Today is jury selection day for Ken Lay and Jeff Skilling's trial. The judge is hoping it will take one day. (insert laughing dog here)

http://abclocal.go.com/ktrk/story?section=local&id=3850261

Any Lay apologists here, or shall we just make this a topic to throw barbs and cheer on the prosecution?
 
Something I did not know until this past weekend: Arthur Anderson's conviction was overturned by a unanimous Supreme Court decision.

You remember Arthur Anderson. The accounting firm that shredded literally tons of accounting documents in the wake of Enron's collapse.

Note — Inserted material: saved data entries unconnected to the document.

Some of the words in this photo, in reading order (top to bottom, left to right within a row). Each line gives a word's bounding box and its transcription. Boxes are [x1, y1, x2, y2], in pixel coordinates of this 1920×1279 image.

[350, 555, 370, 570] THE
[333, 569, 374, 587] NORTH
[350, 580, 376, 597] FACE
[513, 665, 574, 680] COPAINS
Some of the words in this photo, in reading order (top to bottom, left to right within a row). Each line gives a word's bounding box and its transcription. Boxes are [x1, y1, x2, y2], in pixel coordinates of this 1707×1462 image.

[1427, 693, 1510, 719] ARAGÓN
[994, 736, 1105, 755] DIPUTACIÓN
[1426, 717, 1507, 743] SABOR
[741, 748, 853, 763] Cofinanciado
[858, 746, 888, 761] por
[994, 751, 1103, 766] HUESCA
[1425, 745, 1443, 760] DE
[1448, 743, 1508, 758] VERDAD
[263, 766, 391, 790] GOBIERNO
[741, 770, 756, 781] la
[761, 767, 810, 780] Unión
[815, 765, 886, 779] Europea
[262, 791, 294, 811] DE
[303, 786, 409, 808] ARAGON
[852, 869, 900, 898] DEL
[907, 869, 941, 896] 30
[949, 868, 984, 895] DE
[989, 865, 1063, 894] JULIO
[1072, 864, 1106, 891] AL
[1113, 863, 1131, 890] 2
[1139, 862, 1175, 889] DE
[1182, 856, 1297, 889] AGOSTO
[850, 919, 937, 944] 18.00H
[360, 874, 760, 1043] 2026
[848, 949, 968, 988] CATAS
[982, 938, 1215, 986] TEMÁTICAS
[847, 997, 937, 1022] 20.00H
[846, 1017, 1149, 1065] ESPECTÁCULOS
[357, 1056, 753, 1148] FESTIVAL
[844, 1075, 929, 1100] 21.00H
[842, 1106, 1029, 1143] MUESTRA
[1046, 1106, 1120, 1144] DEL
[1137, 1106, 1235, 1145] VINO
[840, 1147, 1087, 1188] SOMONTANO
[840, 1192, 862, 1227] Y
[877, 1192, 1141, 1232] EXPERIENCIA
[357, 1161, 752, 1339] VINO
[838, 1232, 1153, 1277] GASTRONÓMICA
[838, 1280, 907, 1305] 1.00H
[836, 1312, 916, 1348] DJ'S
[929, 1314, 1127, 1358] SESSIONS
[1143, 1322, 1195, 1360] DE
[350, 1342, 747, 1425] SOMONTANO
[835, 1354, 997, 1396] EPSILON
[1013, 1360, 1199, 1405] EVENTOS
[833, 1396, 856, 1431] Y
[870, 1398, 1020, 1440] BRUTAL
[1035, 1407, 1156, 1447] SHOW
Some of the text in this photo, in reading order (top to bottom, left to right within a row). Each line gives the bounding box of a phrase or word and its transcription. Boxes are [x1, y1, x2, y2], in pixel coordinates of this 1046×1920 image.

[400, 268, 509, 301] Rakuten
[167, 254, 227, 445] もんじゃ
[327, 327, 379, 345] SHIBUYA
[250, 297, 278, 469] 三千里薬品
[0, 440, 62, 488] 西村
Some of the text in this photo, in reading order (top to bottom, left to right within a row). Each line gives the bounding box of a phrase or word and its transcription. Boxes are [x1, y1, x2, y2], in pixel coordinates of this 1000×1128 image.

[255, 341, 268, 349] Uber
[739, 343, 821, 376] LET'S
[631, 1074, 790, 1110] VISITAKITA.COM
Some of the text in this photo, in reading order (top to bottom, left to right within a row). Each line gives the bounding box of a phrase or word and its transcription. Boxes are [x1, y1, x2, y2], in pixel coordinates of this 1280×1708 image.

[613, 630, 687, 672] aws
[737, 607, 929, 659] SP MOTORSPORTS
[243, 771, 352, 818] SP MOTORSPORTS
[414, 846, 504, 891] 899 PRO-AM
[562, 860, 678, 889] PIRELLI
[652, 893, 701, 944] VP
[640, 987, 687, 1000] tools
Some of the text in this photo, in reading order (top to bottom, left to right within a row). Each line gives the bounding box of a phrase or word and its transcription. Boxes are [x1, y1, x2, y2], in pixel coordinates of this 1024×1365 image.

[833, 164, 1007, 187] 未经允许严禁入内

http://news.bbc.co.uk/1/hi/business/2047122.stm
 
Ken Lay will claim he had no idea Fastow and Skilling did those things and he relied in good faith on subordinates and outside professionals who "lied" to him about the financial status of the company.

As the head of Enron he will claim he knew nothing...just watch.;)

schultz.jpg


"I know nothing....nnnnothing!"​
 
Ken Lay will claim he had no idea Fastow and Skilling did those things and he relied in good faith on subordinates and outside professionals who "lied" to him about the financial status of the company.
Actually, it looks like he's going to stick with Skilling. But yeah, the two of them are going to say, "Everything we did was on the up and up. We had no idea what that awful Andy was doing."
 
Ken Lay will never be indicted or tried. He's one of the corporate bigwigs who have bought off the GOP. The government is beholden to the corporate sector who owns everything and the media.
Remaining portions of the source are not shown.